Great Britain

National living wage to rise to £8.91 an hour, Rishi Sunak announces

MILLIONS of workers are set for a pay rise after Rishi Sunak confirmed the national living wage will increase to £8.91 an hour.

The Chancellor announced the wage boost as part of his Spending Review in the House of Commons this afternoon.

The national living wage is currently £8.72 an hour and will rise by 19p - an increase of 2.2% - from April next year.

The increase will also apply to those 23 and 24 year olds. Previously, the national living wage was only available to those aged 25 or above.

Announcing the increase today, the Chancellor said full-time workers above the age of 23 will see their wages rise by £345 next year.

Payslips were expected to rise from £8.72 to £9.21 in April next year, but the increase is less than expected due to the coronavirus crisis.

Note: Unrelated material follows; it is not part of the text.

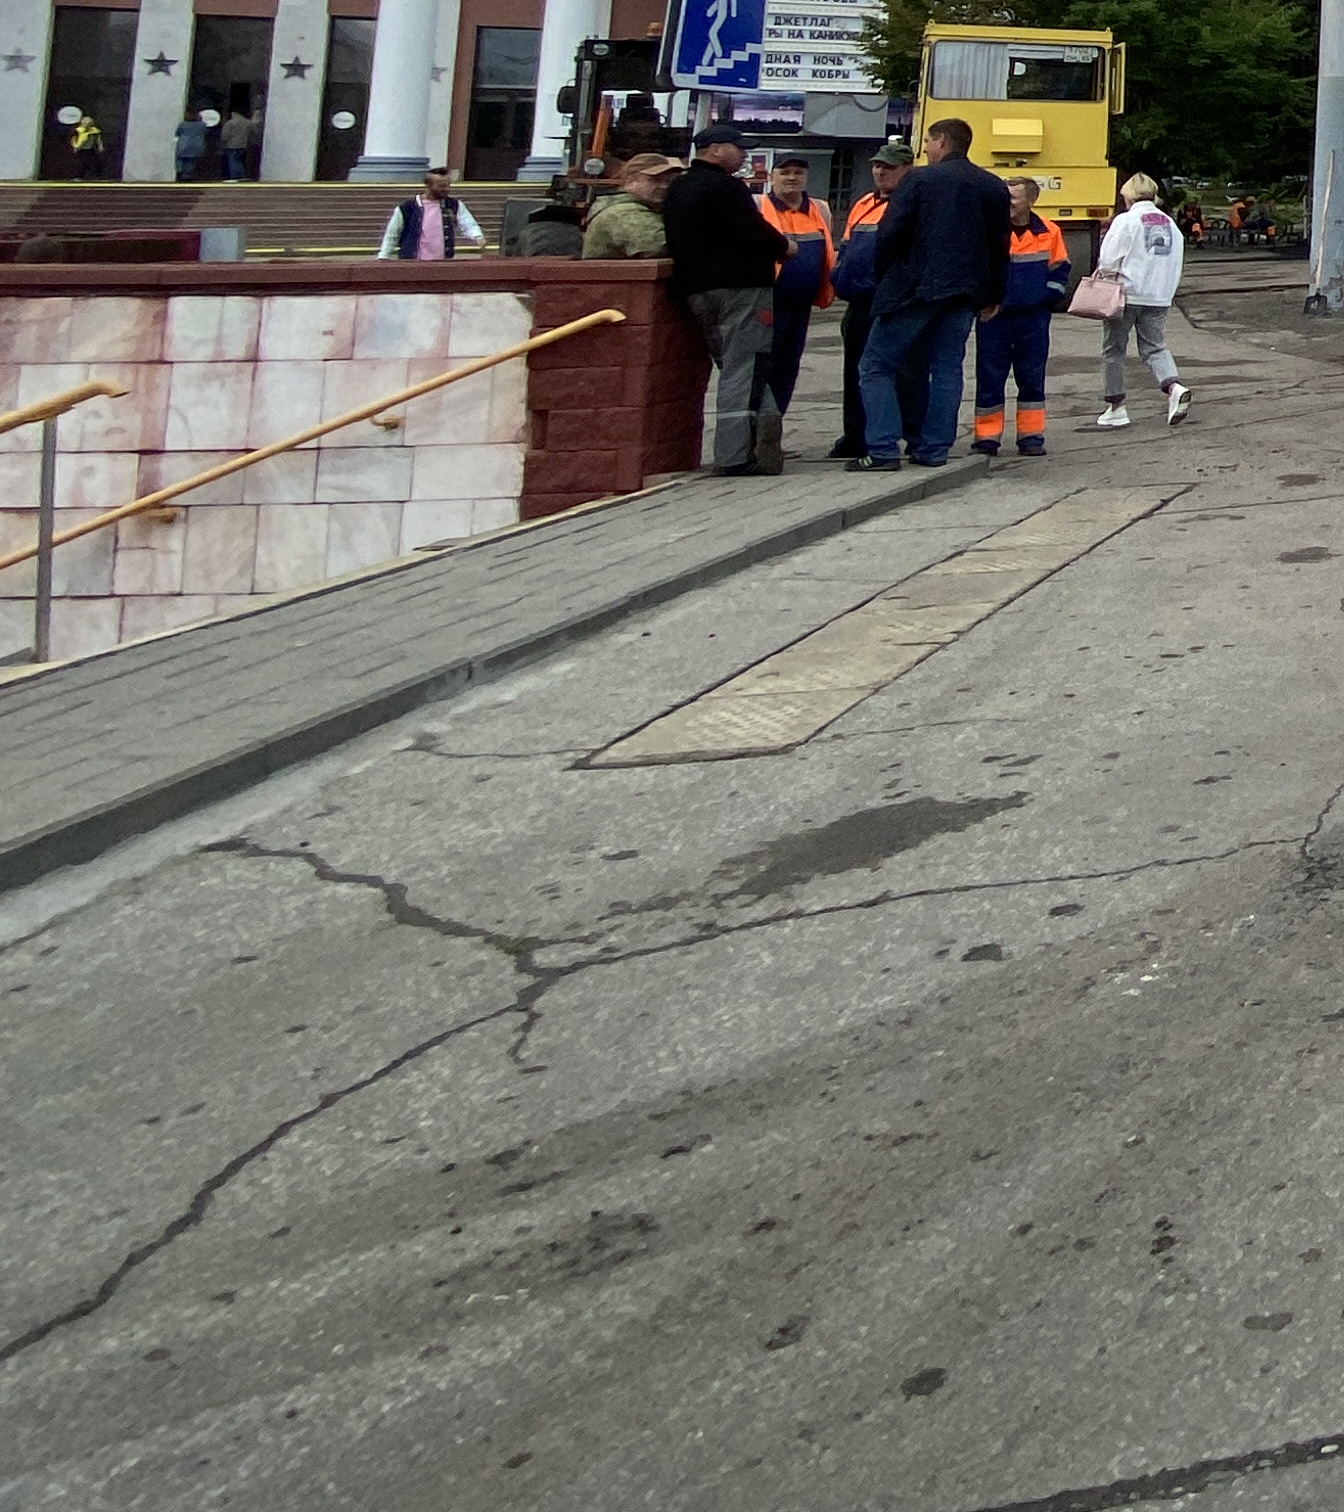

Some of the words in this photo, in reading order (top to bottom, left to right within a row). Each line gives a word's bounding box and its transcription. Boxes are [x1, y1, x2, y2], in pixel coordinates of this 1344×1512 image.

[787, 28, 805, 39] НА
[812, 54, 844, 66] НОЧЬ
[764, 67, 800, 78] ОСОК
[811, 68, 851, 79] КОБРЫ

The Chancellor also announced:

There were fears that struggling businesses wouldn't be able to afford a bigger rise in wages, according to the Low Pay Commission.

The national minimum wage for workers below the age of 23 will also be increased from April.

People aged 21 and 22 will see their wages boosted from £8.20 to £8.36, while 18 to 20 year olds will see their pay go up from £6.45 to £6.56.

Those aged 16 and 17 will see wages increased from £4.55 to £4.62, while pay for apprentices will be £4.15 instead of £4.30.

Speaking today, Mr Sunak said: "We are accepting in full the recommendations of the Low Pay Commission to increase the National Living Wage by 2.2% to £8.91 an hour.

"A full-time worker on the National Living Wage will see their annual earnings increase by £345 next year.

"Compared to 2016 when the policy was first introduced, that’s a pay rise of over £4,000."

What is the national living wage?

The national living wage is the government's minimum rate employers are allowed to pay employees for each hour worked.

It was introduced by Tony Blair's New Labour government in 1999 and was originally called the national minimum wage.

In 2011, a campaign group called the Living Wage Foundation was founded to persuade employers to voluntarily pay what it called the national living wage.

The national living wage was an independently-calculated estimate of the rate workers needed cover their basics needs, and was higher than the national minimum wage.

In his 2015 budget, George Osborne re-branded the national minimum wage as the national living wage, though did not raise the rate to match the Living Wage Foundation's recommended rate.

Speaking today, Chancellor Rishi Sunak said the national living wage will apply to 23 and 24 year olds. Previously, the national living wage was only available to those aged 25 or above.

The minimum rate for those under 23 continues to be known as the national minimum wage.

Here are the new wage rates that will come into play from April 2021:

The Sun first reported back in September how the Chancellor was considering a smaller national living wage rise.

The national living wage was raised to £8.72 from £8.21 on December 30 last year.

The hike was part of Boris Johnson's pledge to "level up" the country.

Meanwhile plans were announced for the minimum wage for all employees aged 21 or over to rise to £10.50 by 2024.

Those aged 25 and over are eligible for the national living wage, while those younger receive the national minimum wage.

The minimum wage is £4.15 for apprentices, £4.55 for under 18s, £6.45 for 18 to 20s and £8.20 for 21 to 24-year-olds.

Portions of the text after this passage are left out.